November 8 marks the 673rd birthday of Julian of Norwich, the famed anchoress from the Church of St Julian in Norwich, England. Julian is one of my girls, the women I studied in graduate school. I was drawn to her various and sundry reasons which none of my 12 readers worldwide likely care about. But who was Julian, really, and why should we care?
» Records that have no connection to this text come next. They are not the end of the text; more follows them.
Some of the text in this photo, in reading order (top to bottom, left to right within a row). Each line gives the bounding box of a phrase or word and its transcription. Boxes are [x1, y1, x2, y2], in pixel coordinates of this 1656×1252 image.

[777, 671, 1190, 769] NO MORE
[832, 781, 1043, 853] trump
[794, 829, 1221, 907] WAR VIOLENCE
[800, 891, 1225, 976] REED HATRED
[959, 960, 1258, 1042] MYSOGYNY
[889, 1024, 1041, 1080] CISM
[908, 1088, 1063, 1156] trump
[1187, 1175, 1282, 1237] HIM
Julian was an anchoress in the 14th Century. Anchorites were people, often women, who would literally wall themselves up in small rooms or cells so that they could focus their devotion and prayers on God without distraction from the outside world. These rooms or cells were attached, or “anchored,” to a church or holy site. Some anchorholds were fairly spacious, more like walled cottages. Such was Julian’s anchorhold, which I was happy to visit when I studied in Cambridge. Others were little more than tombs, often without enough space to stand upright or lie down. Such anchorholds were perversely apropos, as the mass of the dead was said over each anchorite upon entering the anchorhold. Regardless of the size of their cell, anchorites were seen as the moral mainstay of the church to which they were attached.
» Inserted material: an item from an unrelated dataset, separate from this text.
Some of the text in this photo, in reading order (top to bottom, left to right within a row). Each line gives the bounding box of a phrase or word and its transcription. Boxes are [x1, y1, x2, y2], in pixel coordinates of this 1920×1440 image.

Julian entered the anchorhold when she was about fifty. She was inspired to do so by visions of Christ she’d had when she was deathly ill at the age of thirty. She spent the next 20 years reflecting on her visionary experience before deciding to devote her life to the meditation and prayer of an anchoress. Her ultimate determination was to view all things as good, and with a specific place in the world. She believed that because God made it, he therefore loves it and keeps it, as she describes in her vision of the hazelnut. Her simple theology is summed up by her famous phrase, “All shall be well, and all shall be well, and all manner of thing shall be well.”[1]
Such a concept is remarkable, considering that Julian lived through the Black Death, the Peasants’ Revolt, and the possible loss of her own family to plague. While her contemporaries tended to view God as wrathful, a being who punished wicked people, Julian viewed her god as loving. She claimed that sin was necessary for a person to gain wisdom, but that God loved everyone unconditionally, as a mother loves her children.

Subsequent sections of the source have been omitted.